The way this issue is discussed matters.
When public debate suggests, or allows the impression to grow, that migrant victim-survivors are routinely making false claims, it does significant harm. It can stop people from coming forward. It can reinforce dangerous myths. It can make professionals more suspicious of disclosures. It can undermine trust in specialist By and For services. And it can hand perpetrators another way to silence and control their victims.
We are also concerned about the risk of isolated cases of misuse being treated as evidence of a wider problem. A rise in applications for support does not automatically mean a rise in false claims. It may also reflect unmet need, increased awareness, or the reality that too many migrant survivors have previously been unable to access safety at all.

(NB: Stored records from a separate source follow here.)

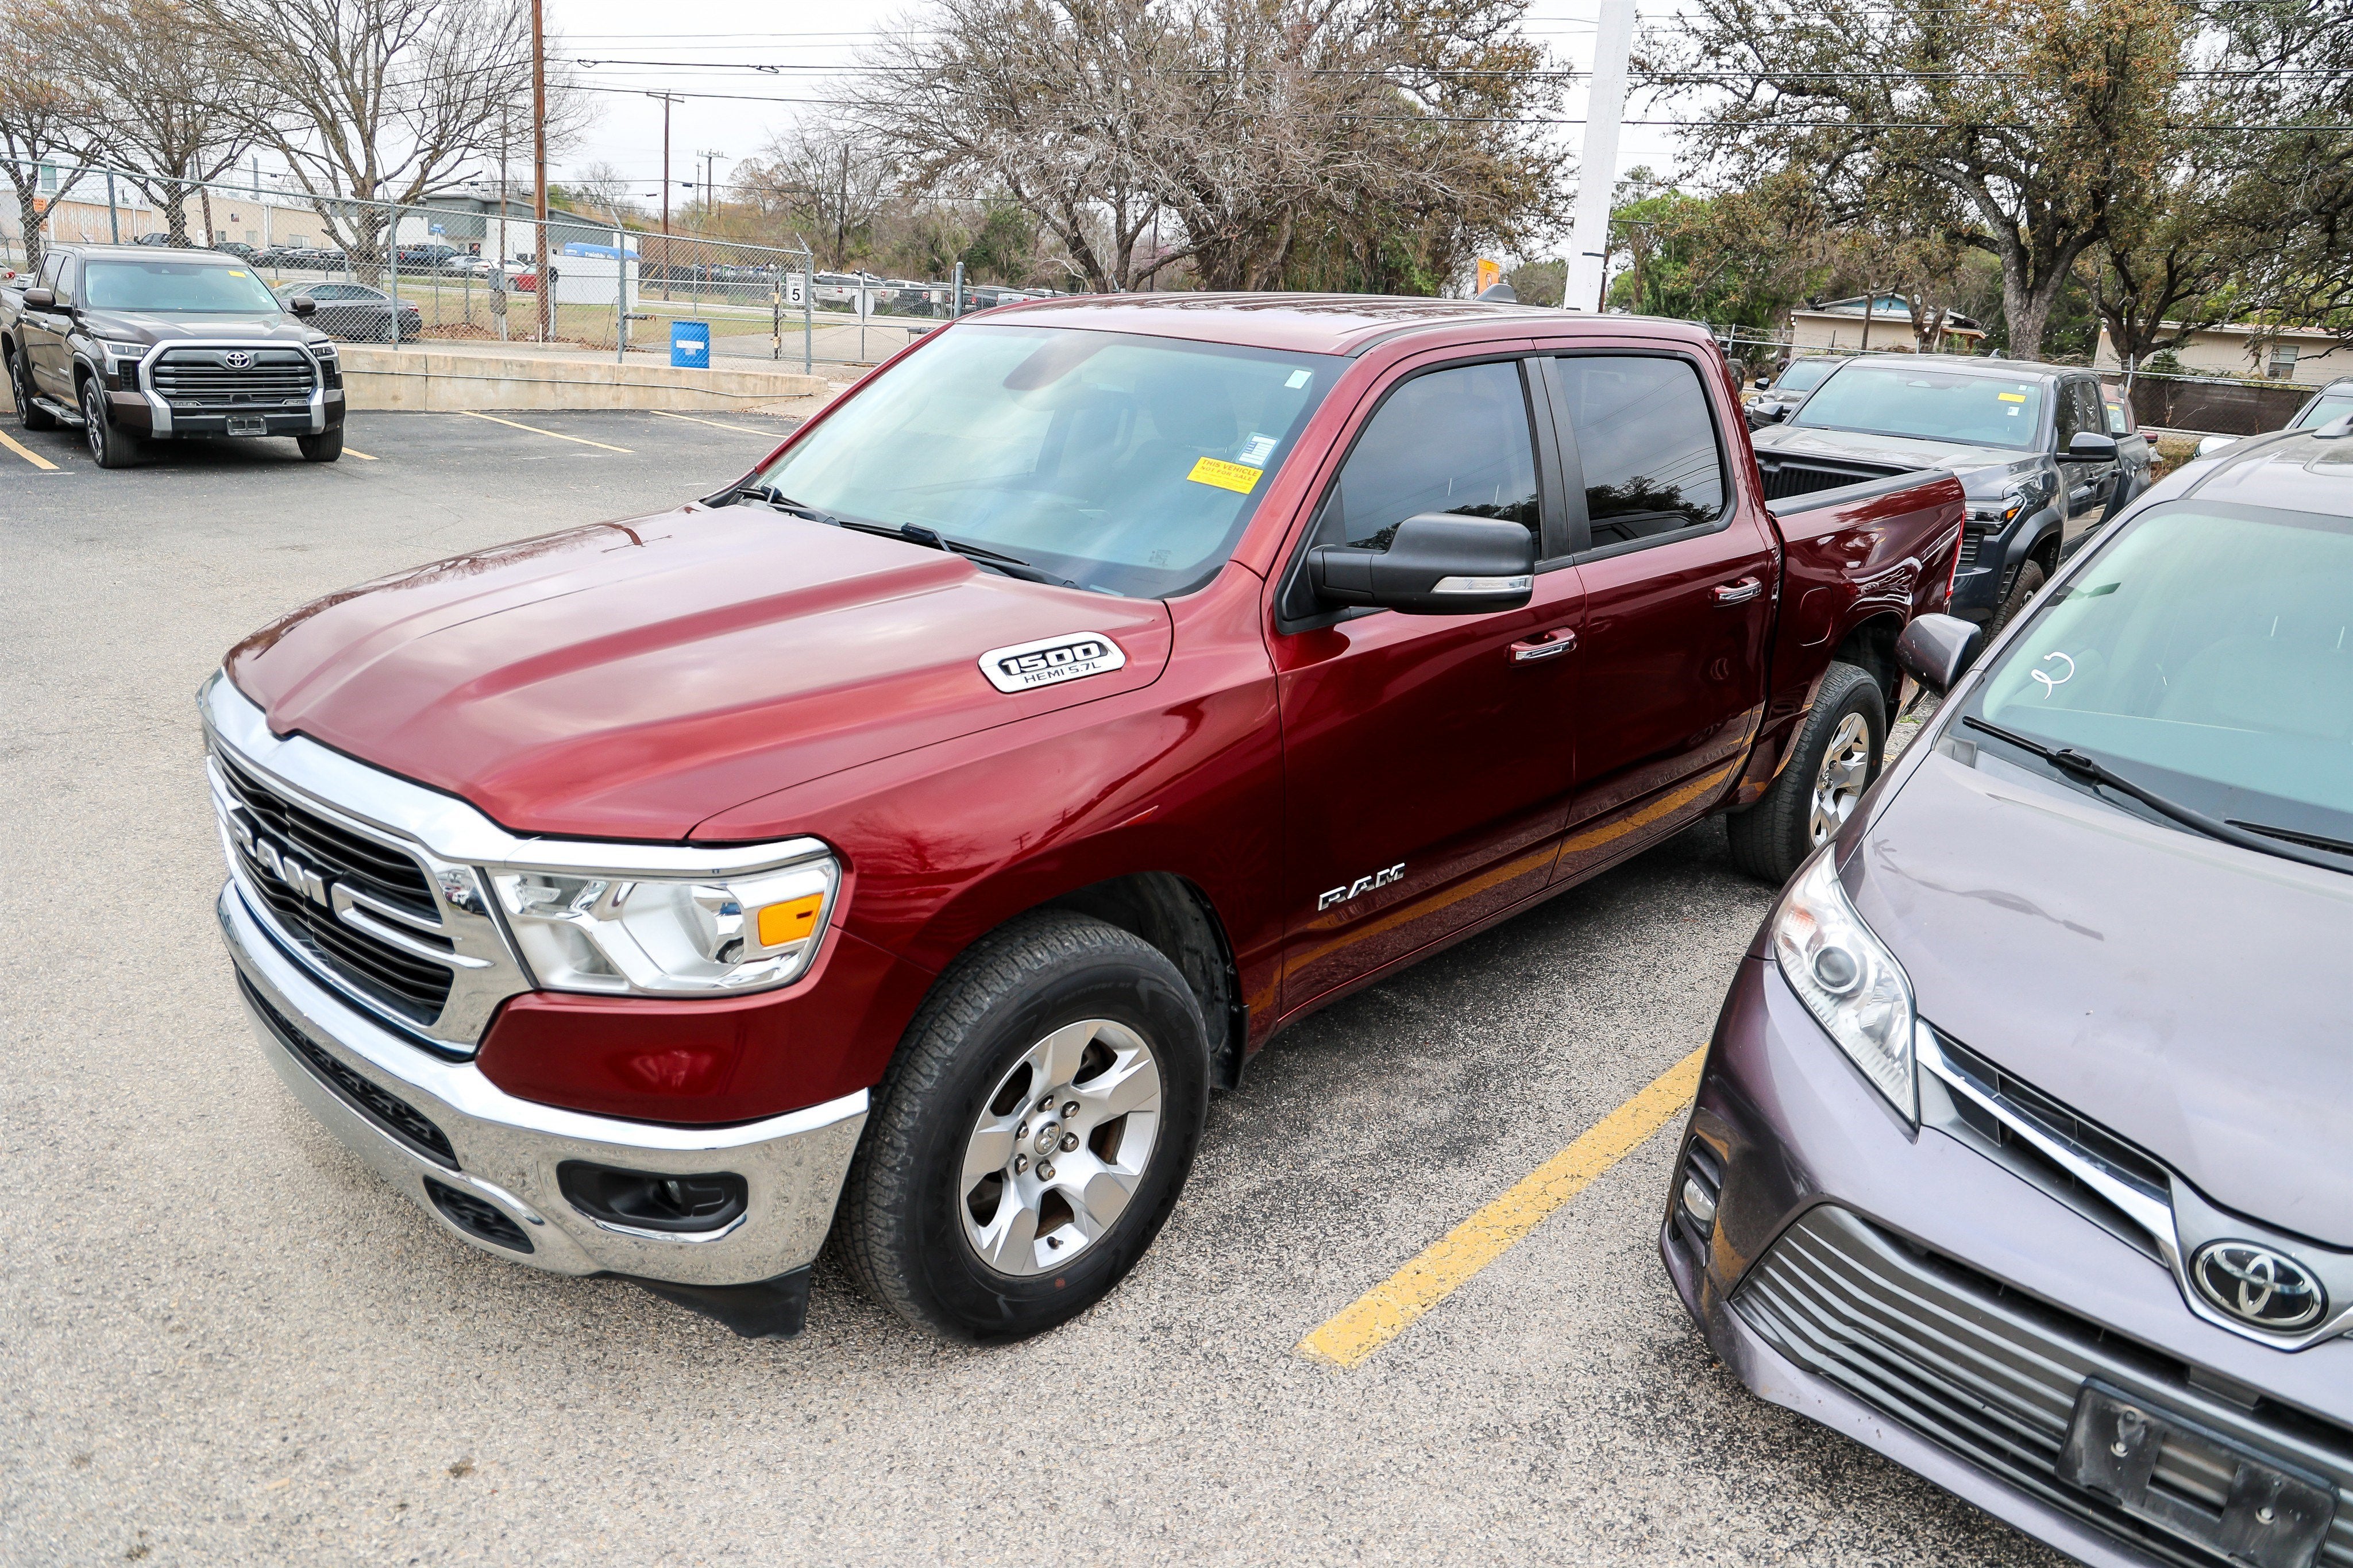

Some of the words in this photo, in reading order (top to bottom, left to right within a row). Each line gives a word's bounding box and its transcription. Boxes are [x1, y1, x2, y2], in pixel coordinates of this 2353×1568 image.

[792, 288, 800, 301] 5
[1202, 459, 1221, 468] THIS
[1223, 464, 1259, 477] VEHICLE
[1233, 473, 1253, 481] SALE
[1001, 643, 1101, 676] 1500
[1024, 668, 1066, 683] HEMI
[1069, 661, 1102, 674] 5.7L
[228, 809, 329, 908] RAM
[1318, 862, 1405, 912] RAM

Routes such as the Migrant Victims of Domestic Abuse Concession are not loopholes. They are vital protections for people who may otherwise be forced to choose between staying with an abuser, facing destitution, or risking removal from the UK.

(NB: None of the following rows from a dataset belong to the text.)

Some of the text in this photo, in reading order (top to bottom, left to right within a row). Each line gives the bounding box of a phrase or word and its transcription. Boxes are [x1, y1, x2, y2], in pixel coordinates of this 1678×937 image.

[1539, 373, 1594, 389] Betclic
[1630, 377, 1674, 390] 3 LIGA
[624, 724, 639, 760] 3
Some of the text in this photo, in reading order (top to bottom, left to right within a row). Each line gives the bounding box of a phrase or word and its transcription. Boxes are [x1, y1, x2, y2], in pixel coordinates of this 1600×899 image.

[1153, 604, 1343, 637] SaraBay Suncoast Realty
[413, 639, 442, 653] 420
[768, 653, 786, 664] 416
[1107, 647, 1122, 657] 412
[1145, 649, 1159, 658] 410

The response to domestic abuse must be grounded in evidence, not fear. It must recognise the whole picture of abuse, including how perpetrators exploit immigration status, poverty, isolation, racism, fear of statutory systems and the threat of disbelief. It must also recognise the expertise of specialist organisations who support migrant, Black and minoritised women and girls every day.
Tackling misuse and protecting survivors are not opposing aims. We need both. But any policy or practice response must be careful, proportionate and survivor-centred. It must hold exploitative advisers and perpetrators to account, without creating a presumption of disbelief around migrant survivors.
No survivor should be left behind because of who they are, where they are from, or their immigration status.
At SafeLives, we want a system that protects every adult and child affected by domestic abuse, challenges perpetrators, and helps people reach safety and rebuild their lives. That means listening to survivors, learning from specialist services, trusting frontline expertise, and making sure public debate does not make it harder for anyone experiencing abuse to seek help.